Speaking English can be hard
So there you are, doing your best to prepare for an important presentation, and one of your study group speaks lousy English. Irritating just doesn’t cover it if you’re ambitious and hell bent on a good mark.
According to a recent survey published by the international website StudyPortals, Groningen is proclaimed the best of all Dutch universities by international students. But unfortunately, the Dutch students complain about their English.
Mark Schonenbeek (25) is a second-year Master’s student of marketing. He regularly does joint assignments with other students from his year. ‘Although students from Asia tend to work hard, their pronunciation of English is usually diabolical’, says Mark. A Chinese accent may sound cute, but it’s a real nuisance when you’re trying to give a serious presentation.

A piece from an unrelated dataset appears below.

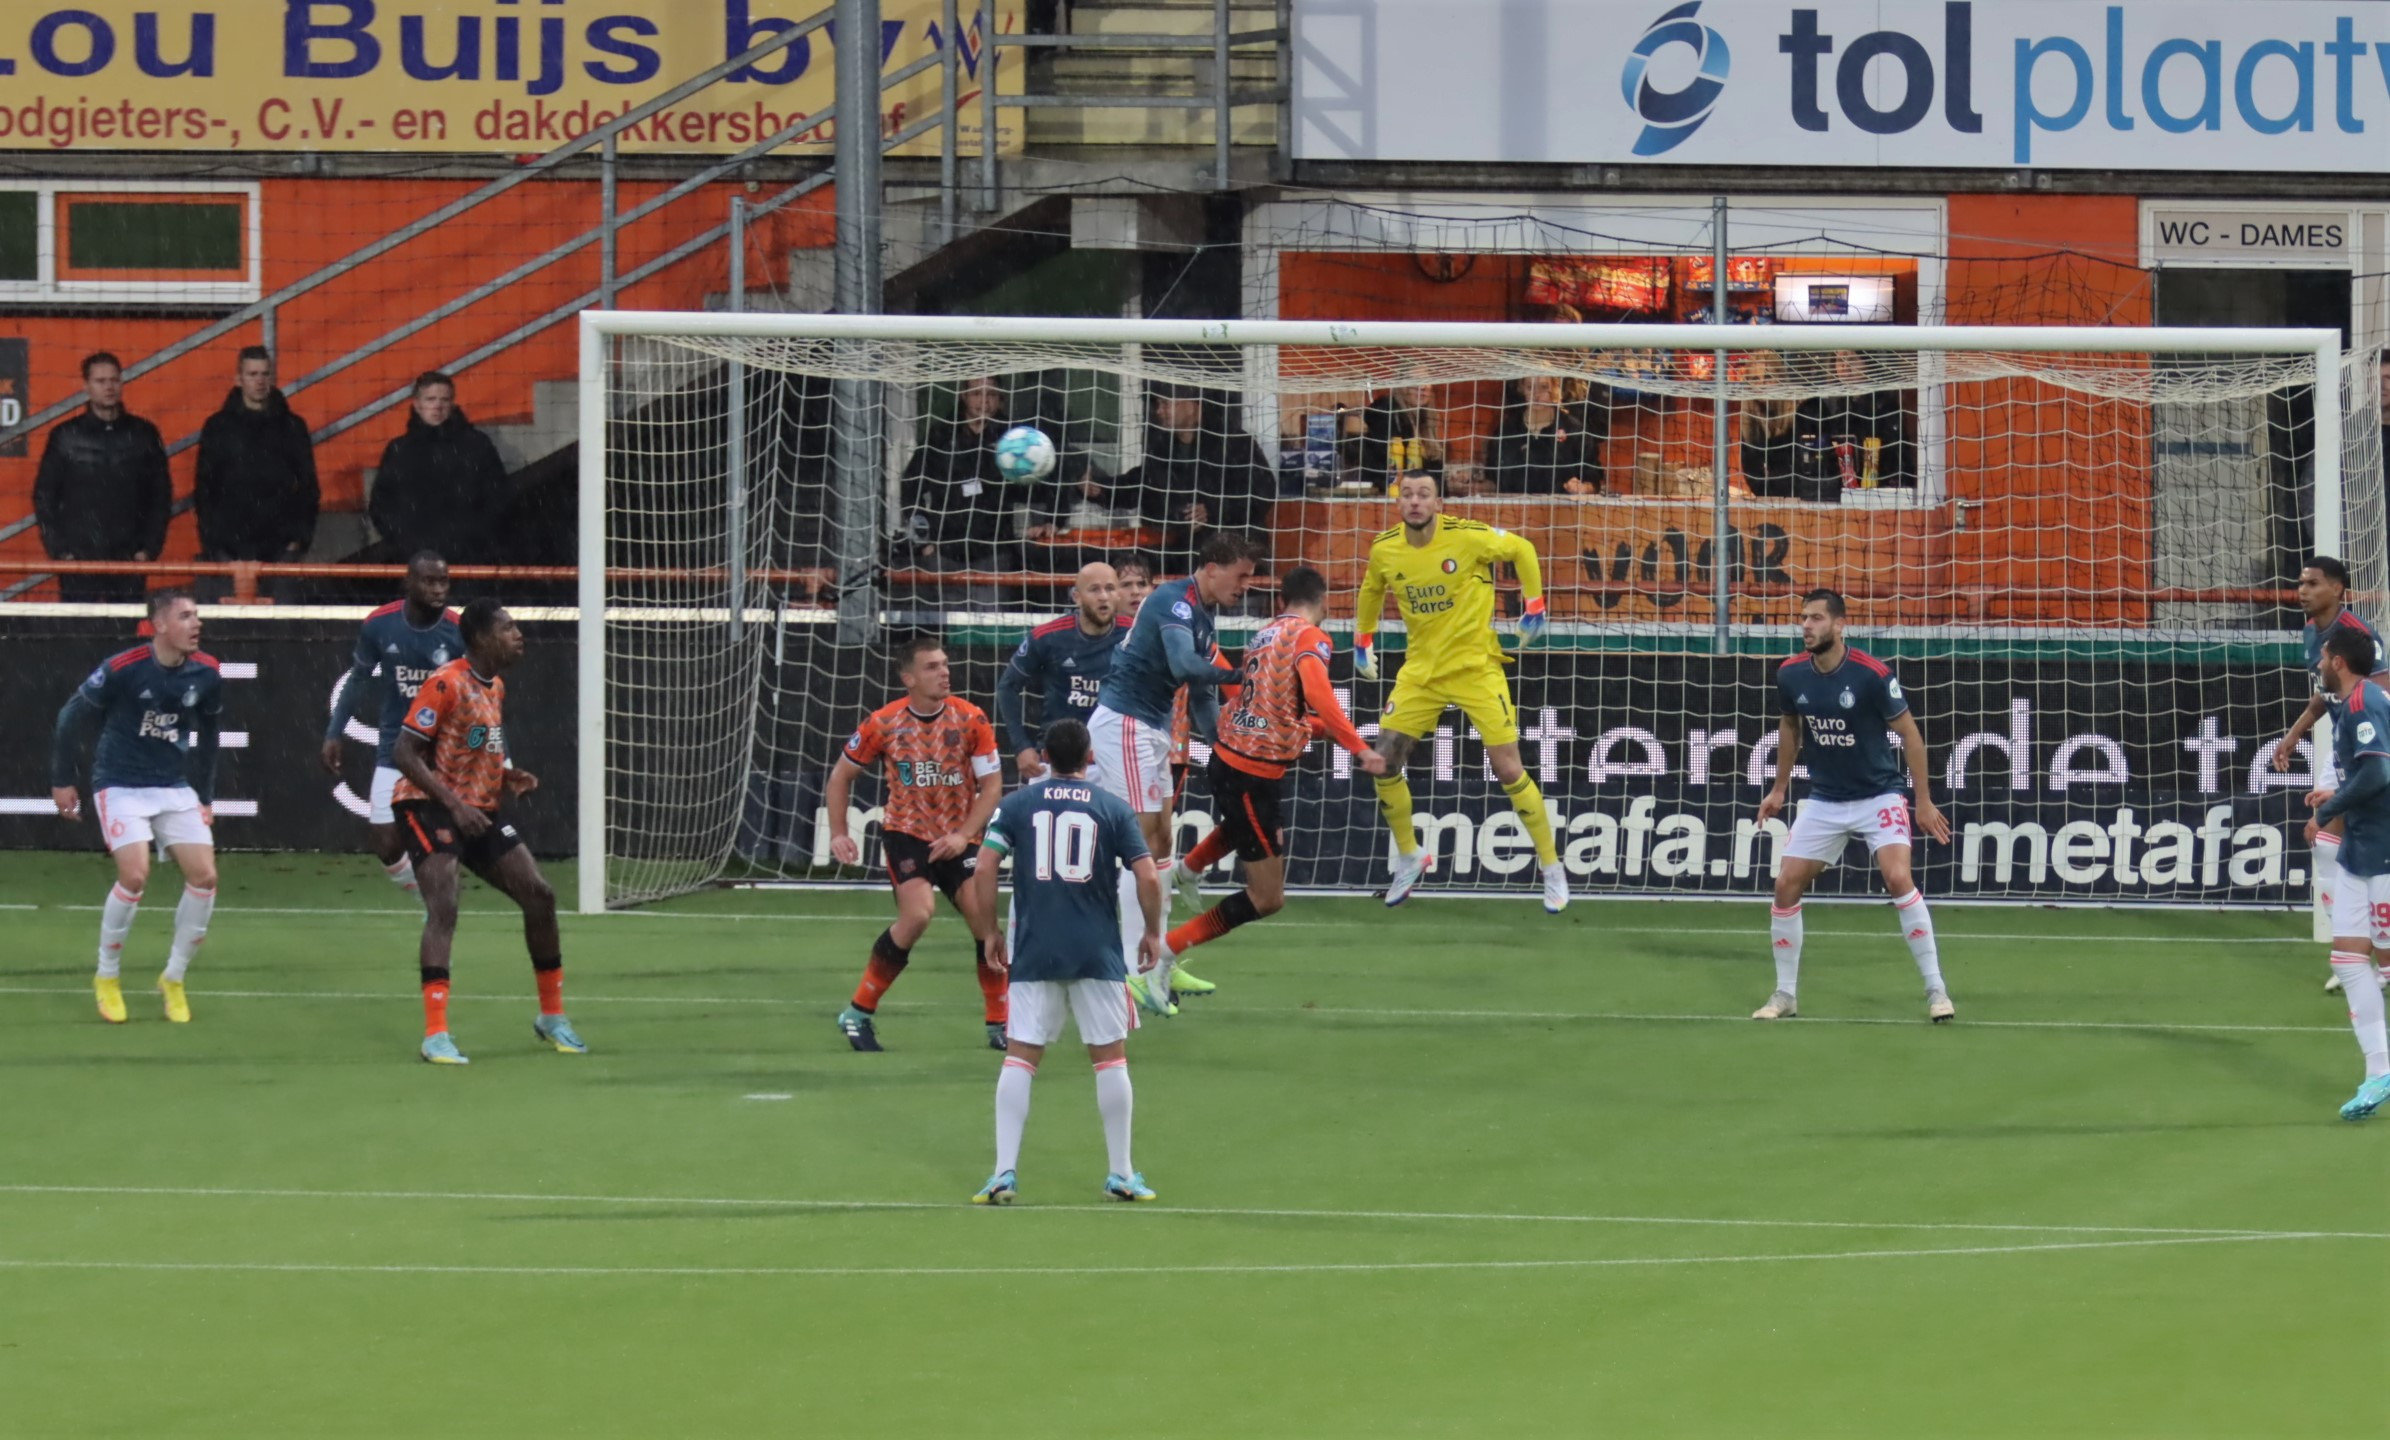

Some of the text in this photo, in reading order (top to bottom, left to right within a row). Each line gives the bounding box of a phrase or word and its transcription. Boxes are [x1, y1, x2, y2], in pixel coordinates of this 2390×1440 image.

The University of Groningen applies strict selection criteria for English-taught Master’s programmes. Students are not only required to have good marks and write a decent application letter, they must also have a good command of the English language. They are expected to demonstrate their English skills by taking an internationally recognized test, the Toefl test for example. It’s compulsory, and intended to weed out students who are not up to standard.

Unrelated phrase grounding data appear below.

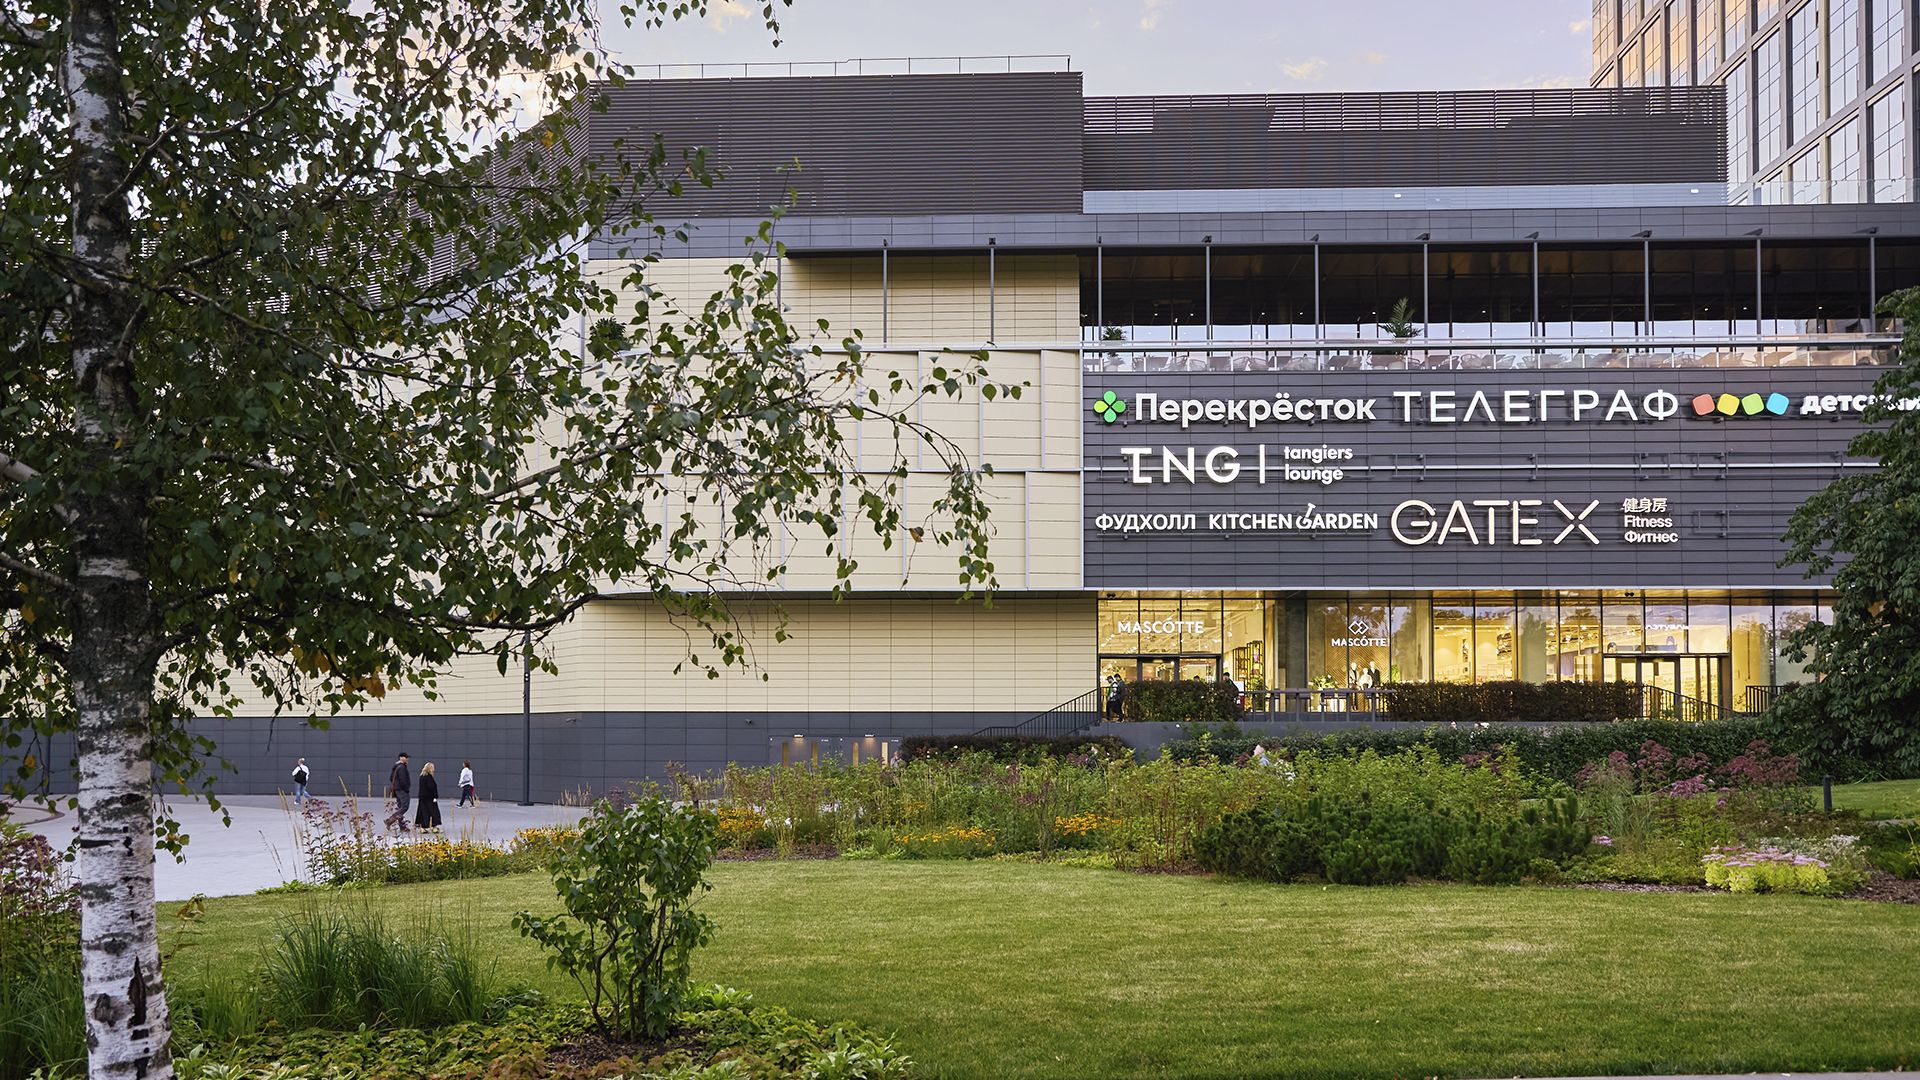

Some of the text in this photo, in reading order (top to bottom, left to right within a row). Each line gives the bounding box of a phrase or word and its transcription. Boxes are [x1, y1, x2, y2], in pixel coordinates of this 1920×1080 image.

[1135, 392, 1377, 428] Перекрёсток
[1393, 389, 1679, 423] ТЕЛЕГРАФ
[1284, 444, 1353, 464] tangiers
[1284, 464, 1344, 485] lounge
[1622, 497, 1668, 513] 健身房
[1095, 503, 1378, 533] ФУДХОЛЛ KITCHEN GARDEN
[1624, 514, 1673, 528] Fitness
[1624, 530, 1679, 543] Фитнес
[1117, 617, 1205, 634] MASCÓTTE
[1331, 635, 1387, 647] MASCÓTTE

Antoinette Maassen from the University of Groningen Language Centre also thinks that many Asian students are less good at English, but she cannot produce hard figures. ‘They often achieve lower scores in the English tests’, she says.

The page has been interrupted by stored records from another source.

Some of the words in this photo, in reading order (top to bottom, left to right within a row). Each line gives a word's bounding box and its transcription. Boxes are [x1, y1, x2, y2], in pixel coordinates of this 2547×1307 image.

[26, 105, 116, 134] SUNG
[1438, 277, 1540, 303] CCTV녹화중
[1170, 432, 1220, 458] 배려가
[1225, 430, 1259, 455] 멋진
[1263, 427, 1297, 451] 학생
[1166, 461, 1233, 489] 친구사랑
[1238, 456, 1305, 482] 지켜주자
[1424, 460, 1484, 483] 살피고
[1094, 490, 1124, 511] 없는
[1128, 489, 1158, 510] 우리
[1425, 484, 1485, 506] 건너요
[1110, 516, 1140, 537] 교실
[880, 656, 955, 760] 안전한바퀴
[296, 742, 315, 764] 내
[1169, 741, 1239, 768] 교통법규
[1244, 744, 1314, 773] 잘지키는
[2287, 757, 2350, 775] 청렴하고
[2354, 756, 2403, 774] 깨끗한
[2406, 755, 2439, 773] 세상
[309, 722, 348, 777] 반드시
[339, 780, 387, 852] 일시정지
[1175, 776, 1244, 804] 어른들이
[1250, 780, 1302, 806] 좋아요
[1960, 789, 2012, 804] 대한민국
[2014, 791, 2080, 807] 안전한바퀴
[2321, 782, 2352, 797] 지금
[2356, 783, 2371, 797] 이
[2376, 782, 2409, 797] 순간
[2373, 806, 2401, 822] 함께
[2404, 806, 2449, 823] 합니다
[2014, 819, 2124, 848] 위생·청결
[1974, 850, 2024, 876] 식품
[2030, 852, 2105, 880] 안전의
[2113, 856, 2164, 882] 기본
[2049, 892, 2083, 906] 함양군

But there are also differences within Europe. In general, East-European students score less well than West-Europeans. Having said this, it may have more to do with the test methods than with their standard of English. ‘West-European students are used to multiple-choice tests. This probably makes things easier for them’, says Maassen.
High Toefl scores
Many English Master’s programmes require a Toefl score of 580 points. Biology and Euroculture are two such programmes. But students wanting to take American Studies, for example, must score 620 points. This is almost the standard of a native speaker.
If you don’t achieve this score, hard luck; you won’t be admitted. But no matter how good students’ English may seem on paper, they can still get into problems in practical situations.
Sanne Klarenbeeks (23) is taking a Master’s in European Law and has no complaints about the strict admission requirements. Most of her fellow students have a high standard of English, but she notices differences between the various Europeans. ‘German Master’s students are often brilliant at English, as are the Scandinavians. Students from the Baltic States are often good at writing English, but less good at speaking it. This is very annoying when you’re working on a discussion’, says Sanne.
Students intending to take the English Master’s in Journalism Studies in the Faculty of Arts must also score 620 in the Toefl test, bringing them to close to the native speaker standard. ‘We need to set this strict criterion for English to make sure that students can cope with the tough programme requirements’, says degree programme manager Sanna Buurke.
Buurke admits that it can be a problem if students are not fluent enough to take part in group assignments and discussions. Her department tries to avoid this situation by conducting telephone interviews with everyone before admitting them to the programme. This is done after their written English has been judged satisfactory. ‘I’m always pleased if the interview confirms the test score’, says Buurke. However, if this is not the case, the student in question may be turned down.
Diane Black tries to polish the students’ written English by giving courses in English academic writing for international Master’s and PhD students. She regularly comes across international students experiencing problems with the language, although things are improving.
Black: ‘International students who speak Slavic or Asian languages find it difficult to use articles, as they don’t exist in their language. French and Persian are very poetic languages. Students who speak them must learn to be more concise, as this is what’s needed when writing English academic articles.’
So what do international students themselves think? Juanto Alfombro (26) from Peru started the Master’s in International Economics two years ago. Although his standard of English was initially deemed satisfactory, the South-American had a hard time. ‘I had really had to get my head down; I failed all my exams.’
Juanto had adjust to the group assignments, where English was the only language spoken despite the fact that everyone also spoke Spanish. He thinks that students in Groningen are highly enthusiastic and passionate about their studies. ‘In Lima, where I started studying, everyone was much more laid back’, he laughs. ‘But I’ve learned a lot and hope to graduate later this year.’